In 1972, the Gannett Corporation purchased the Nashville Banner from the Stahlman family. In 1979, Gannett sold the Banner to a group of local investors including political figure John Jay Hooker, businessman Brownlee Currey and Franklin banker Irby Simpkins for about $25 million. It then purchased the Tennessean from the Evans family for about $50 million. John Seigenthaler became president, publisher, and editor of the Gannett-owned Tennessean. Historian E. Thomas Wood says that "without question" Seigenthaler ran the newspaper as a liberal one.

In 1976, when it was revealed that Tennessean reporter Jacqueline Srouji had for many years been working as an informant (and possibly agent provocateur) for the FBI, including spying on her colleagues at the paper, Seigenthaler fired her immediately. Srouji claimed that when she had started as a reporter for the Nashville Banner over a decade before, that paper's publisher had encouraged her to hand over information to the FBI.

In 1989, Frank Sutherland was named editor. He had begun his career as a reporter at the paper in 1963. Seigenthaler retired as publisher in 1991. He was replaced by Craig Moon, who held the post until he moved into a corporate position with Gannett in 2002; Moon was later named publisher of USA Today. Leslie Giallombardo was publisher from 2002 to 2005. Seigenthaler remained "Chairman Emeritus" until he died.

In September 1998, the paper launched Tennessean.com, its news and information website.

Among the notable journalists who have worked for The Tennessean are Vice President Al Gore and his wife Tipper, Pulitzer Prize winning author David Halberstam, New York Times best-selling author Jeff Pearlman, long-time sports columnist Larry Woody and cartoonist Anthony Wright.

The paper's primary print competitors are the weekly Nashville Scene and the Nashville Business Journal. In 2004 Gannett announced the acquisition of the Franklin Review-Appeal, and The Daily News Journal in Murfreesboro from Morris Multimedia. The Review-Appeal became a supplement of The Tennessean, while the Daily News Journal continued to operate as an independent newspaper.

The paper maintains two Goss Colorliner presses. In 2002, the paper completed installation of a MAN Roland UNISET press, which is now used to print regional editions of USA Today, as well as commercial printing jobs. In early 2019 it was announced that the Tennessean would begin to be printed in Knoxville on presses which it would share with the Knoxville News-Sentinel.

John Seigenthaler joined The Tennessean in 1949, resigning in 1960 to act as Robert F. Kennedy's administrative assistant. He rejoined The Tennessean as editor in 1962, publisher in 1973, and chairman in 1982 before retiring as chairman emeritus in 1991.

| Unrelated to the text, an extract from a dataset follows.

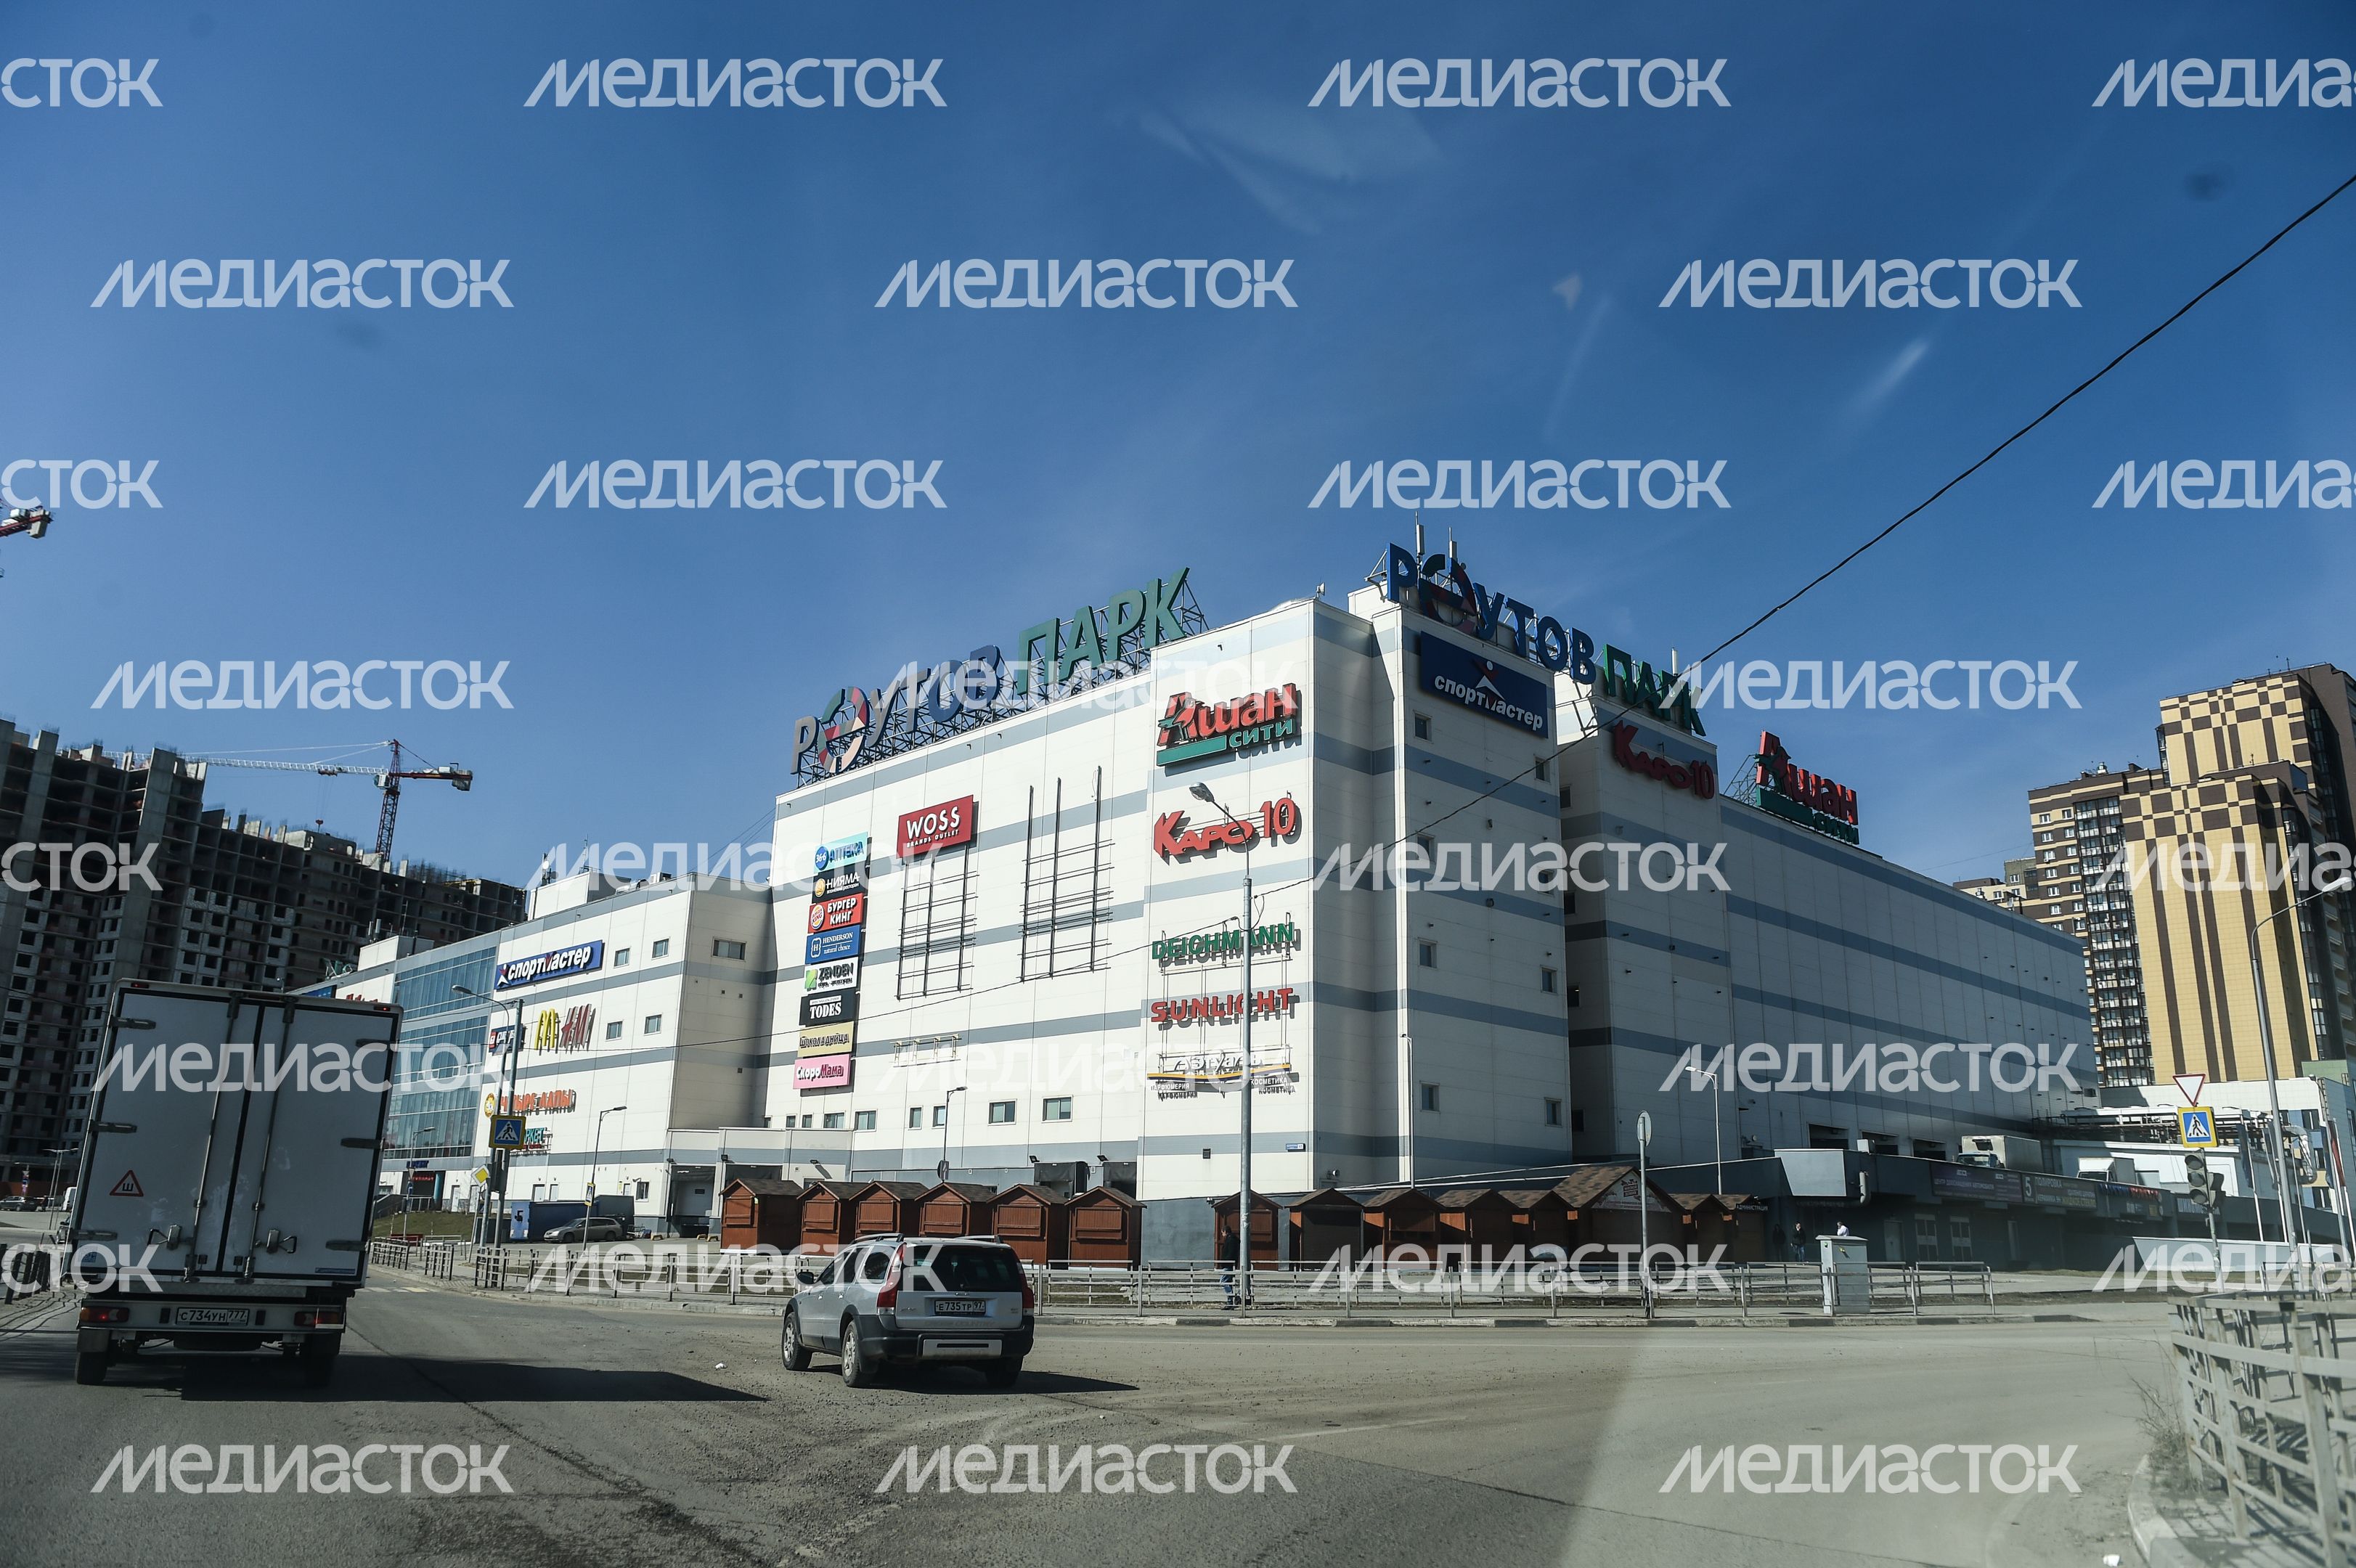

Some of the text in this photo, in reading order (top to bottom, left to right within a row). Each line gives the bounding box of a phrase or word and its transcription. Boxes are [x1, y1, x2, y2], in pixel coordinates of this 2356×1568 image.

Ellen Leifeld was named as publisher in September 2005, succeeding Leslie Giallombardo, who became the newspaper's first female publisher in April 2002. Carol Hudler was named publisher in 2009 when Leifeld retired. Hudler was replaced by Laura Hollingsworth, who was named president and publisher in May 2013.

Frank Sutherland served as editor of the newspaper from 1989-2004. He began his journalism career as a reporter at the paper in the 1960s and returned as editor after a serving in several leadership positions at other newspapers. He announced his retirement in September 2004. He was briefly succeeded by Everett J. Mitchell II, the former managing editor of the Detroit News, who was the first African American to be editor of The Tennessean. In September 2006, Mark Silverman was announced as editor. He was replaced by Maria De Varenne in 2011, who held the executive editor post until February 2014. At that time, Stefanie Murray was named vice president for content and engagement. She was previously an assistant managing editor at the Detroit Free Press.

In March 2013, The Tennesseans circulation was reported as 100,825 daily (M-F), 102,855 (Sat) and 227,626 (Sun). In contrast, as of November 2, 2005, the paper reported daily circulation of 177,714; Saturday circulation of 199,489 and Sunday circulation of 250,575.

In early 2019, The Tennessean confirmed that it would be leaving its long-time headquarters at 1100 Broadway for a smaller facility nearby, and that its printing operations would be consolidated with those of the Gannett-owned Knoxville News-Sentinel at a facility near Knoxville, resulting in much earlier deadlines for its print editions.

In 2022, The Tennessean moved to a six day printing schedule, eliminating its printed Saturday edition.